> Task statement: Make a verbatim copy of all the records. Skip every image.

(Saved entries)

____________

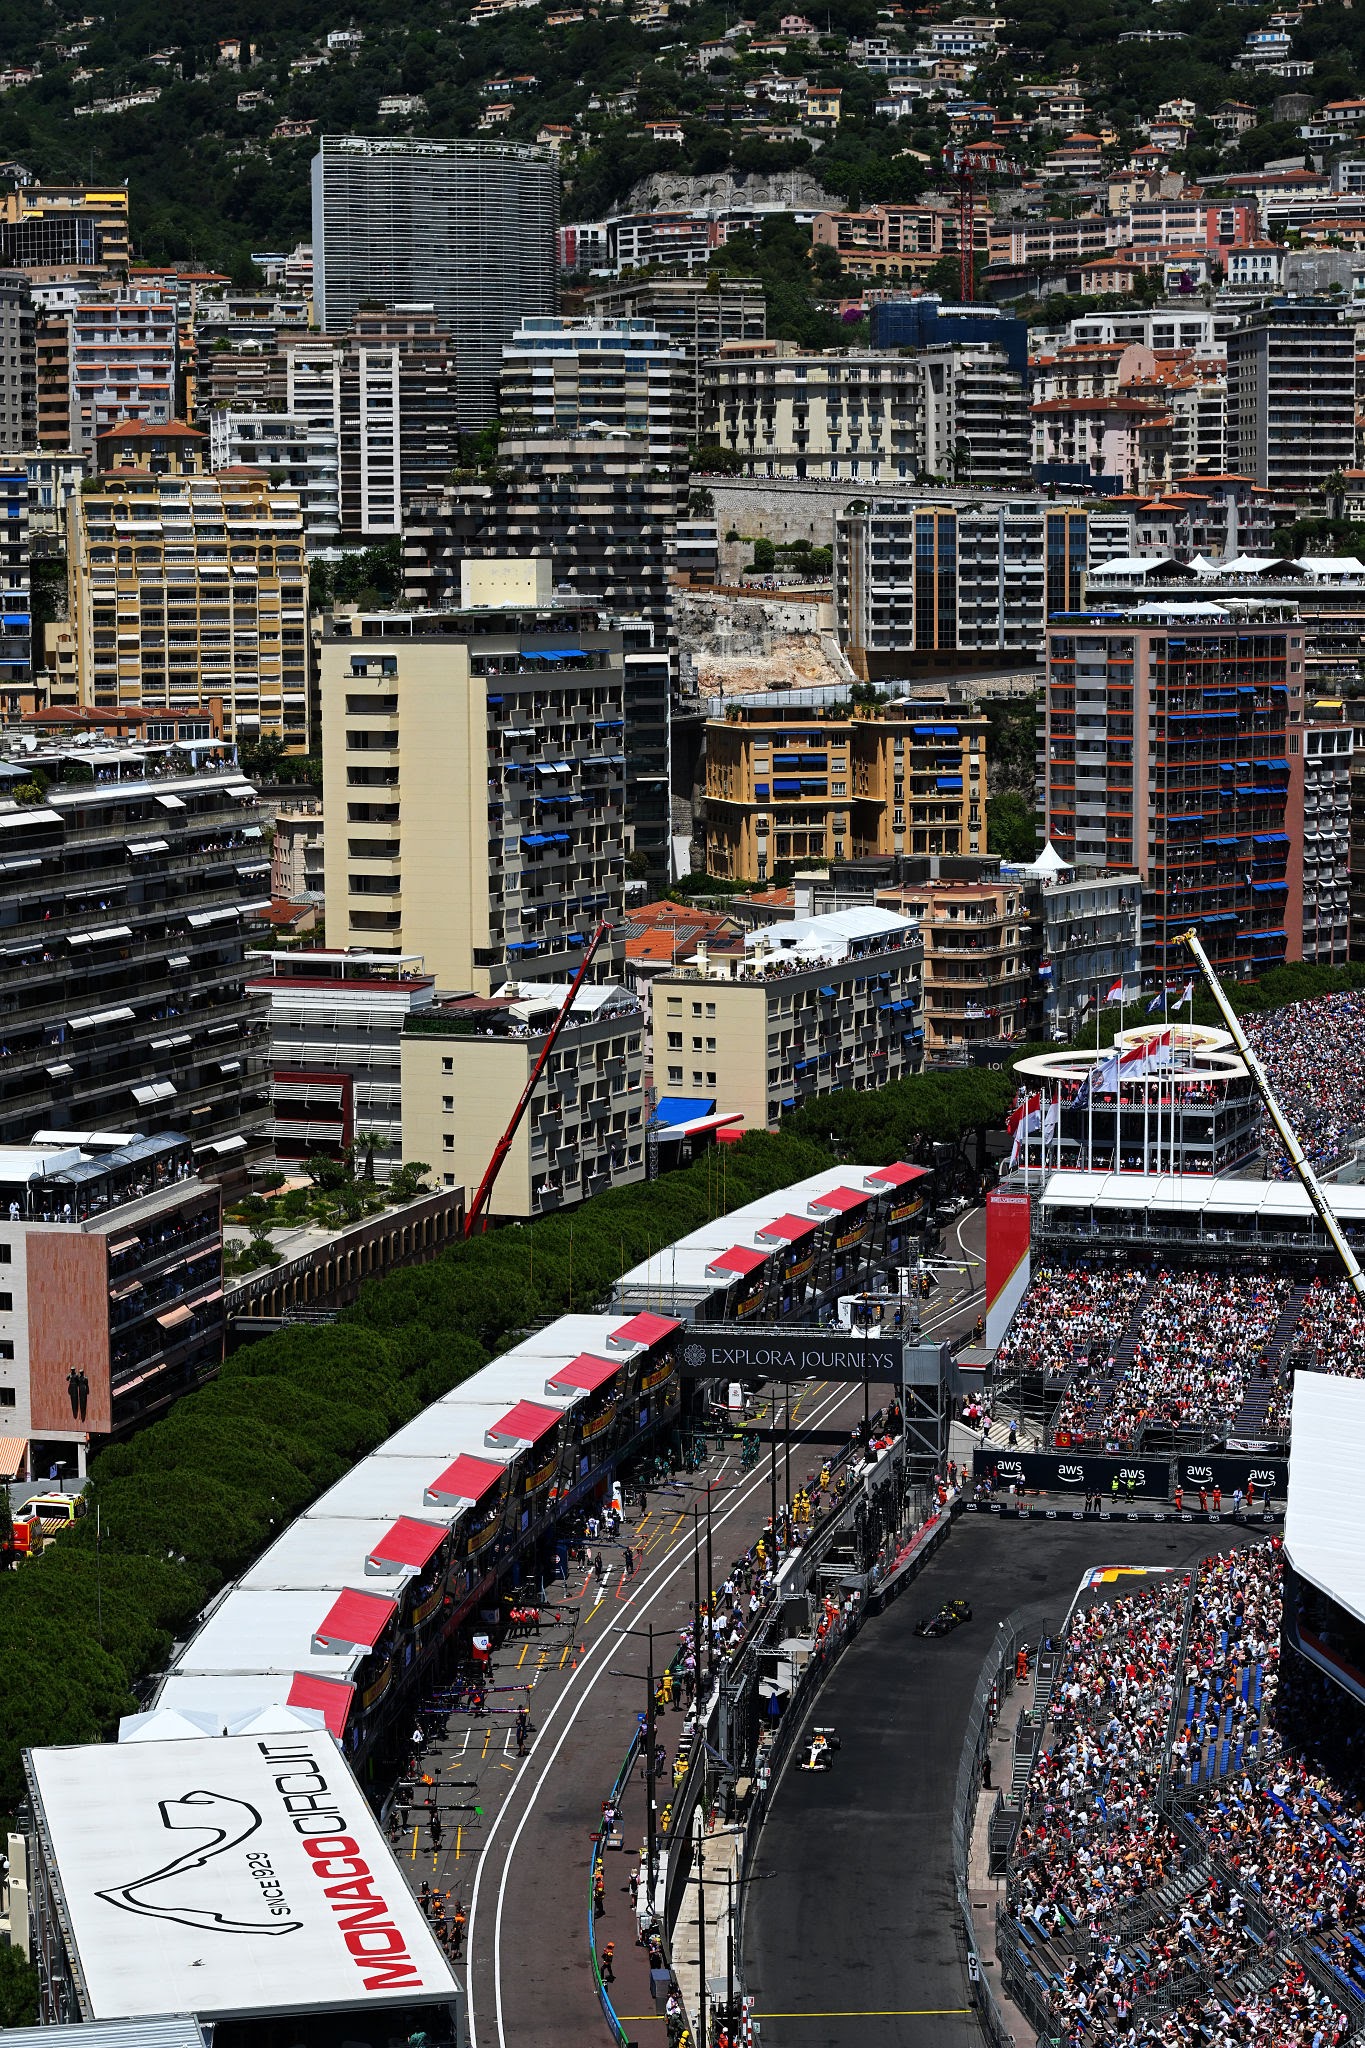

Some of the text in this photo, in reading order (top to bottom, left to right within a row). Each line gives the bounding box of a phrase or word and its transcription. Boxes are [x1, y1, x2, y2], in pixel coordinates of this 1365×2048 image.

[711, 1348, 894, 1370] EXPLORA JOURNEYS
[997, 1460, 1022, 1471] aws
[1058, 1465, 1083, 1476] aws
[1187, 1465, 1212, 1476] aws
[1120, 1468, 1145, 1480] aws
[1249, 1468, 1275, 1480] aws
[256, 1741, 424, 1991] MONACO CIRCUIT
[245, 1852, 291, 1916] SINCE 1929

____________

> Solution:
Some of the text in this photo, in reading order (top to bottom, left to right within a row). Each line gives the bounding box of a phrase or word and its transcription. Boxes are [x1, y1, x2, y2], in pixel coordinates of this 1365×2048 image.

[711, 1348, 894, 1370] EXPLORA JOURNEYS
[997, 1460, 1022, 1471] aws
[1058, 1465, 1083, 1476] aws
[1187, 1465, 1212, 1476] aws
[1120, 1468, 1145, 1480] aws
[1249, 1468, 1275, 1480] aws
[256, 1741, 424, 1991] MONACO CIRCUIT
[245, 1852, 291, 1916] SINCE 1929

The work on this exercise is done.